KNOXVILLE, Tenn. (WATE) – Republicans across the country are split on idea President Trump’s words and unfounded election allegations contributed to the violence on Capitol Hill Wednesday. We spoke to an East Tennessee Congressman, and WATE 6 On Your Side Political Analyst George Korda for perspective.
Korda called the riot embarrassing and appalling. “This isn’t a third world country. This isn’t a place where we assault federal buildings to intimidate elected officials to get them to do what we want them to do,” he said.
Put simply, he believes had there been no rally, and no commander-in-chief encouraging thousands of people to march to Capitol Hill, there would have been no riot.
U.S. Rep. Chuck Fleischmann (R-TN) disagrees. He called Wednesday “a very sad day” for the country, and said he believes the President bears no direct responsibility. “I think the President has always asked for peaceful actions…these people are responsible for their own actions,” he said.

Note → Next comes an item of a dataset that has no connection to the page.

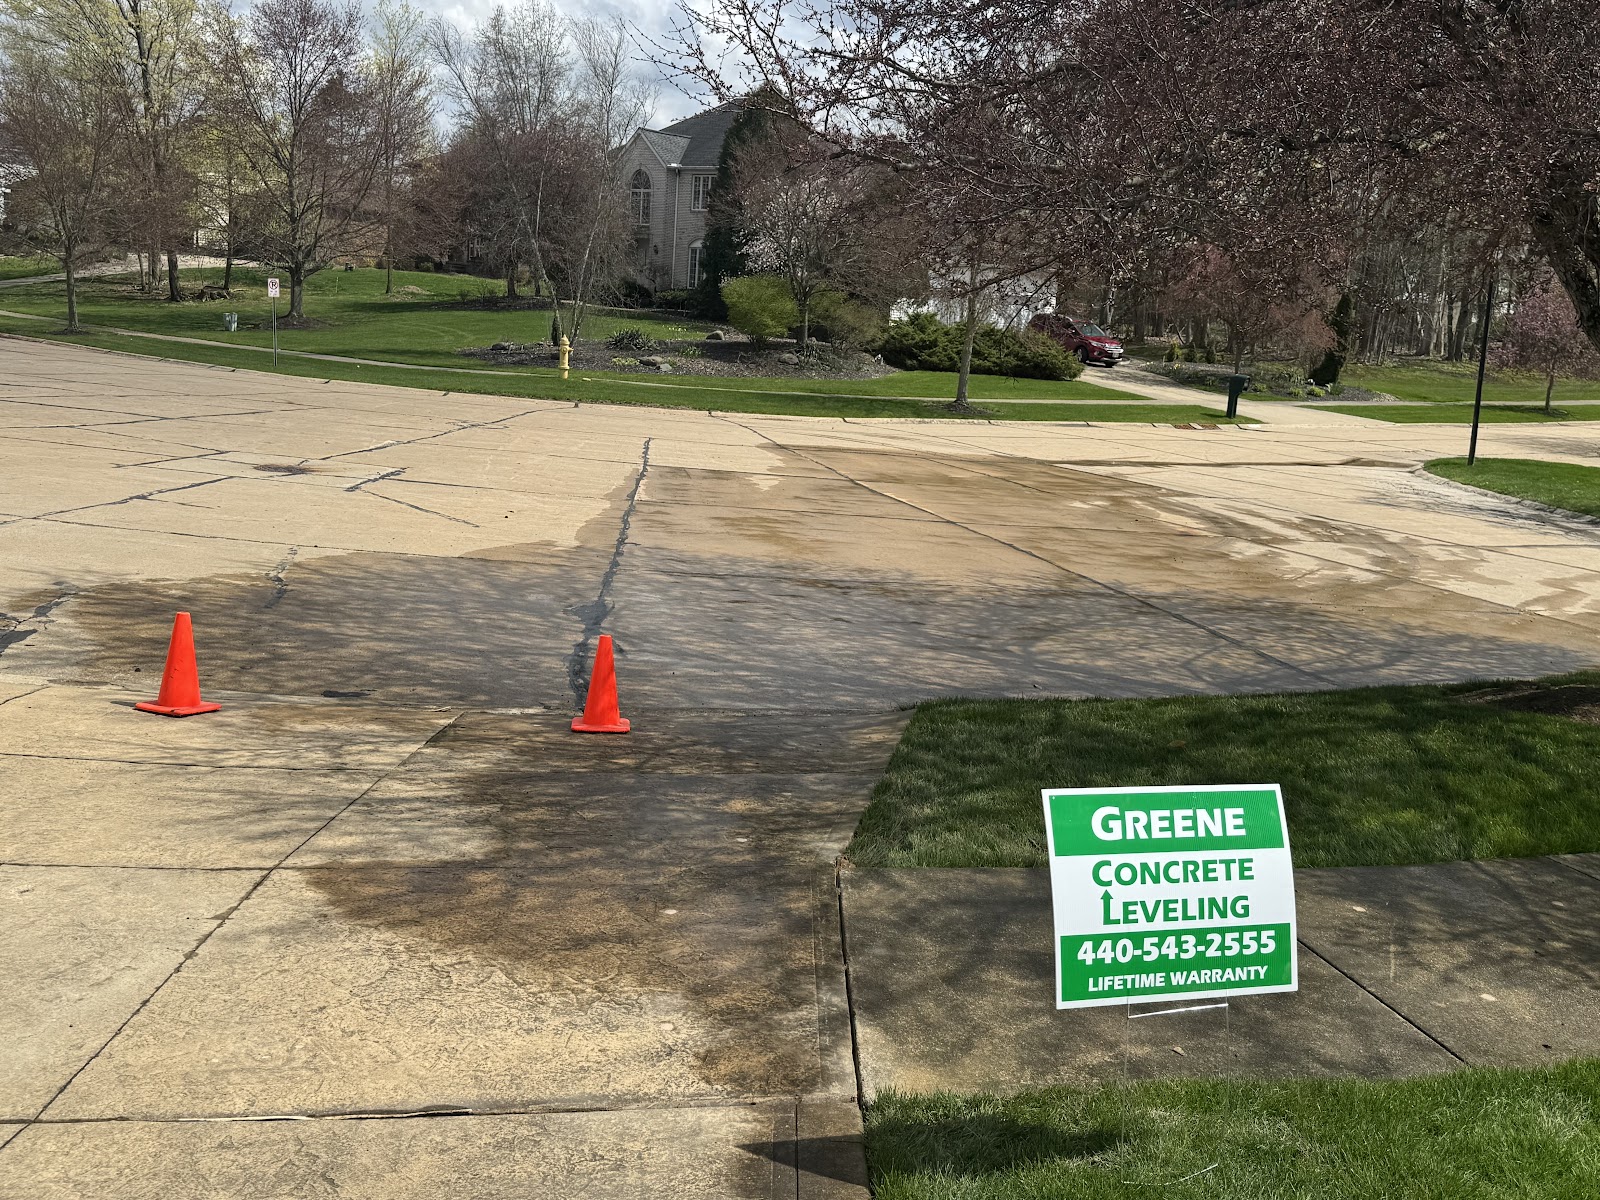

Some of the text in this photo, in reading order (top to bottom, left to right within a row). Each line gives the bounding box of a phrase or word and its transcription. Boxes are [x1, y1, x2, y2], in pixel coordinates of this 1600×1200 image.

Fleischman also voted twice to approve disputes with the electoral results in two states, Arizona and Pennsylvania, despite the dozens of failed legal challenges and recounts. “The American people, once again, have to have confidence in their elections…we’ve got to make sure that process is proper. I did not believe that it was,” he added.
Many GOP lawmakers opted not to object to the results following the riot at the Capitol, despite having planned to do so.
Korda provided insight into U.S. Senators Marsha Blackburn and Bill Hagerty’s decisions to vote to certify the results of the electoral college. The two originally planned to oppose certification. He explained a combination of the President’s words, and the mob’s assault on the Capitol building, made it “impossible” for them to stand by the President, despite being an ally throughout his term.
Throughout the Trump era, Korda has offered praise and criticism. Despite the accomplishments Korda says he’s seen from the administration, he believes the chaos at the Capitol Wednesday is how it will be remembered most. “The president has always been his own worst enemy, always. And, he was his own worst enemy yesterday.”